BEGIN

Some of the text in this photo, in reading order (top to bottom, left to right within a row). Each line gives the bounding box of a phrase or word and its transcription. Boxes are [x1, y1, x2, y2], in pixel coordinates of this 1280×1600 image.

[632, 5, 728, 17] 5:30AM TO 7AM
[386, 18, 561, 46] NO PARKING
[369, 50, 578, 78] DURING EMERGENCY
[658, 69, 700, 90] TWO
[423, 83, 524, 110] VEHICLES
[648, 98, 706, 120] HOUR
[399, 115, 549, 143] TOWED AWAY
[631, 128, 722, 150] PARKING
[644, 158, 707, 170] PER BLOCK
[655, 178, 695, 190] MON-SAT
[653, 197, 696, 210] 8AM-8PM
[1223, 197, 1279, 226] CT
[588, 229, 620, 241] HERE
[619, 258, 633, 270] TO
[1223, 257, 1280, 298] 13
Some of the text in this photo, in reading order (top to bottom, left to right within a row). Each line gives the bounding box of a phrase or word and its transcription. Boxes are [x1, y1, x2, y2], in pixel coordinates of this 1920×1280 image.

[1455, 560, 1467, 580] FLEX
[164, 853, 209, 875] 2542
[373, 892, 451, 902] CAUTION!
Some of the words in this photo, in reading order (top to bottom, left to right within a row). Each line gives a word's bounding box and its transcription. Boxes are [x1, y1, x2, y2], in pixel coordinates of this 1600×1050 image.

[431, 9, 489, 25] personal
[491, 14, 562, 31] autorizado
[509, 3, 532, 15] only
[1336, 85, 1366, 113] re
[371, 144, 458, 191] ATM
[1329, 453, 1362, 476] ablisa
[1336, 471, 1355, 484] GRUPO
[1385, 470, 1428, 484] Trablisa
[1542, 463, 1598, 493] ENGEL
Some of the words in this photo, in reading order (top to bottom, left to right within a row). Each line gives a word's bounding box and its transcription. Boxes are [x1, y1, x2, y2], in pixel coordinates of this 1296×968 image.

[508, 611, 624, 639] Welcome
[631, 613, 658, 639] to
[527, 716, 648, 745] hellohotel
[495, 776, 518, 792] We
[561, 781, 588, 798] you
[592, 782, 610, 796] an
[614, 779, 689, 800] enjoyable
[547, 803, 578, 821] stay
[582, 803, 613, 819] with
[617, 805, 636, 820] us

END

● Work instructions
Set down the data once more, word for word.

● Your response
Some of the text in this photo, in reading order (top to bottom, left to right within a row). Each line gives the bounding box of a phrase or word and its transcription. Boxes are [x1, y1, x2, y2], in pixel coordinates of this 1280×1600 image.

[632, 5, 728, 17] 5:30AM TO 7AM
[386, 18, 561, 46] NO PARKING
[369, 50, 578, 78] DURING EMERGENCY
[658, 69, 700, 90] TWO
[423, 83, 524, 110] VEHICLES
[648, 98, 706, 120] HOUR
[399, 115, 549, 143] TOWED AWAY
[631, 128, 722, 150] PARKING
[644, 158, 707, 170] PER BLOCK
[655, 178, 695, 190] MON-SAT
[653, 197, 696, 210] 8AM-8PM
[1223, 197, 1279, 226] CT
[588, 229, 620, 241] HERE
[619, 258, 633, 270] TO
[1223, 257, 1280, 298] 13
Some of the text in this photo, in reading order (top to bottom, left to right within a row). Each line gives the bounding box of a phrase or word and its transcription. Boxes are [x1, y1, x2, y2], in pixel coordinates of this 1920×1280 image.

[1455, 560, 1467, 580] FLEX
[164, 853, 209, 875] 2542
[373, 892, 451, 902] CAUTION!
Some of the words in this photo, in reading order (top to bottom, left to right within a row). Each line gives a word's bounding box and its transcription. Boxes are [x1, y1, x2, y2], in pixel coordinates of this 1600×1050 image.

[431, 9, 489, 25] personal
[491, 14, 562, 31] autorizado
[509, 3, 532, 15] only
[1336, 85, 1366, 113] re
[371, 144, 458, 191] ATM
[1329, 453, 1362, 476] ablisa
[1336, 471, 1355, 484] GRUPO
[1385, 470, 1428, 484] Trablisa
[1542, 463, 1598, 493] ENGEL
Some of the words in this photo, in reading order (top to bottom, left to right within a row). Each line gives a word's bounding box and its transcription. Boxes are [x1, y1, x2, y2], in pixel coordinates of this 1296×968 image.

[508, 611, 624, 639] Welcome
[631, 613, 658, 639] to
[527, 716, 648, 745] hellohotel
[495, 776, 518, 792] We
[561, 781, 588, 798] you
[592, 782, 610, 796] an
[614, 779, 689, 800] enjoyable
[547, 803, 578, 821] stay
[582, 803, 613, 819] with
[617, 805, 636, 820] us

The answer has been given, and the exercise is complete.